Consumidores aprovam o equipamento
Com a popularização das máquinas domésticas de café expresso, os apreciadores da bebida aproveitam. Embora o preço não seja dos menores, quem gosta de café paga. ''É um espetáculo, o café sai cremoso e bem encorpado'', aprova o comerciante Luiz Antonio Fertonani, que adquiriu há pouco mais de uma semana uma máquina italiana por R$ 460.

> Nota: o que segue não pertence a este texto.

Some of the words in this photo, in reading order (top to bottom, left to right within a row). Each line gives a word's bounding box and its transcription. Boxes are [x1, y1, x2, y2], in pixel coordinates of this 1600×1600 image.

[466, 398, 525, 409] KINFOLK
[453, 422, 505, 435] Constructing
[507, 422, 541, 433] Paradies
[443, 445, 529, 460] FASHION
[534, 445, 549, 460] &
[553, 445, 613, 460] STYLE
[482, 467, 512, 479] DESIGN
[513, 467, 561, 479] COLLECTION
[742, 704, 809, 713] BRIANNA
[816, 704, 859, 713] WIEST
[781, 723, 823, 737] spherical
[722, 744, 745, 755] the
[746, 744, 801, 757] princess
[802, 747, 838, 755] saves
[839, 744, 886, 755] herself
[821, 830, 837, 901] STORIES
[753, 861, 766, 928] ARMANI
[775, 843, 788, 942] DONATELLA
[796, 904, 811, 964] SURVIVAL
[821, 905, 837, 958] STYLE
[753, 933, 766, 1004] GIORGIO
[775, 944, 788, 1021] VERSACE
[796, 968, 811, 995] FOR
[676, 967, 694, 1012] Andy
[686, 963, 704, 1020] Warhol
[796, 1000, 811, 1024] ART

Ele comprou para deixar na sua loja, mas não resistiu e levou para a casa no final de semana. Depois de um churrasco, ele serviu café expresso para um grupo de uns quinze amigos. ''Todo mundo adorou. Disseram que era o churrasco mais diferente que já tinham visto'', diverte-se.

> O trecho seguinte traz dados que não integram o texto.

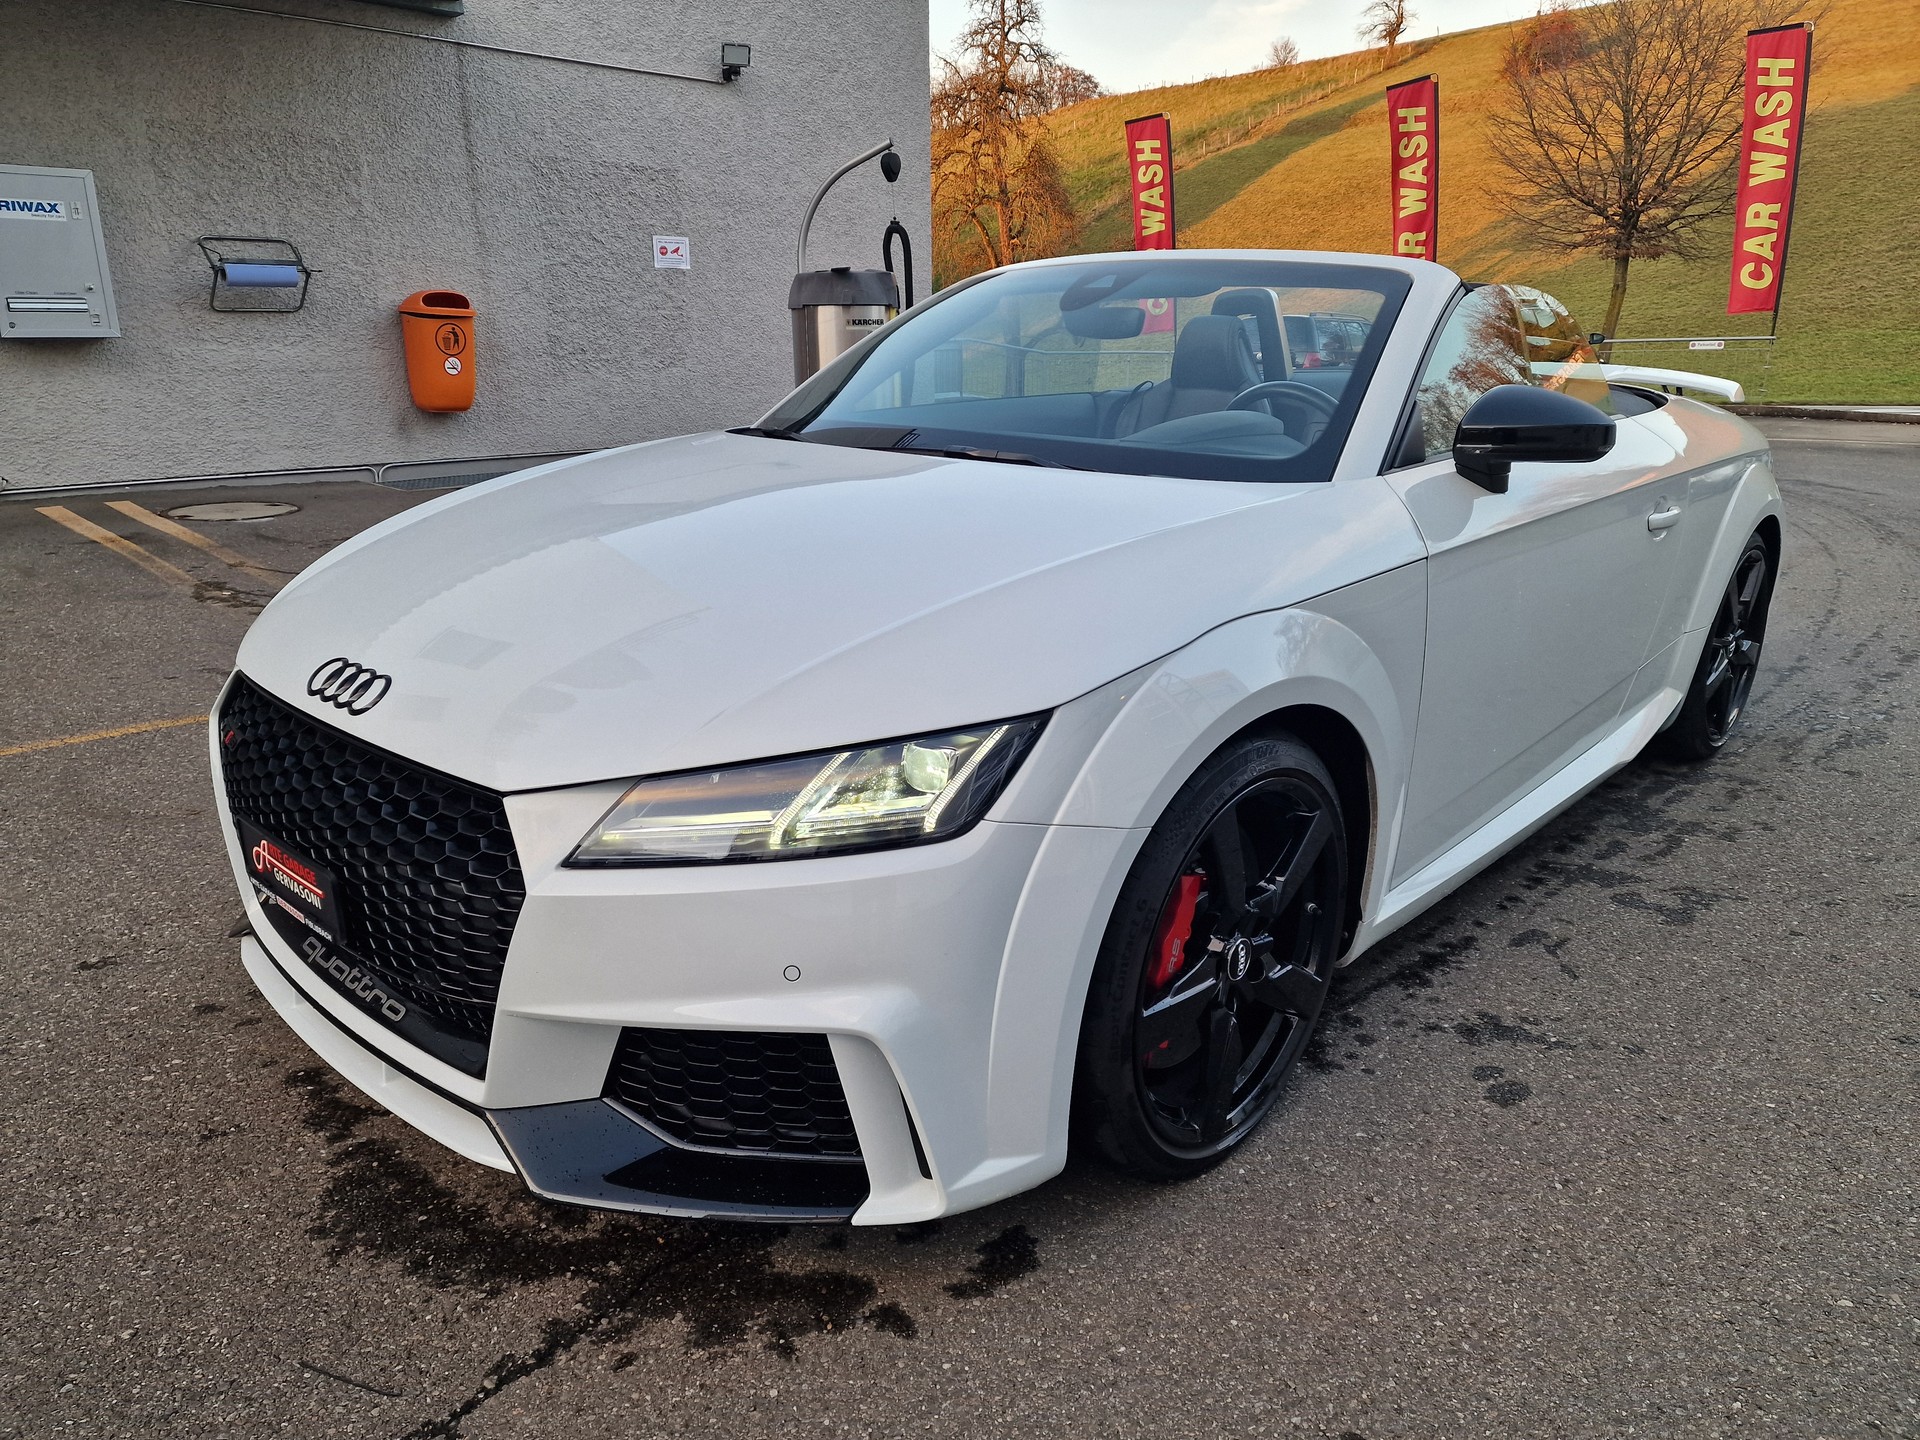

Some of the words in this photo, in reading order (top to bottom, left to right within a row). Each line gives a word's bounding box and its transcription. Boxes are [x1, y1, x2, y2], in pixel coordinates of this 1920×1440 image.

[1398, 106, 1429, 219] WASH
[1749, 58, 1795, 187] WASH
[0, 200, 61, 214] RIWAX
[1135, 139, 1166, 237] WASH
[1740, 202, 1782, 289] CAR
[273, 867, 322, 910] GERVASONI
[283, 853, 317, 886] GARAGE
[302, 936, 407, 1022] quattro
[1167, 938, 1182, 973] RS

A máquina de Fertonani trabalha com café moído ou com sachê. ''Não gostei do sachê. O pó dá de dez a zero, faz um café bem mais encorpado, do jeito que eu gosto'', diz ele, que comprou o café em grão em loja especializada e pediu para moer na hora.
O comerciante acha que o preço do equipamento compensa. ''Há um tempo atrás era muito mais caro. É muito legal poder fazer o café na hora, um por um, é um ritual. O mais difícil é lavar a máquina depois'', diz. (G.M.)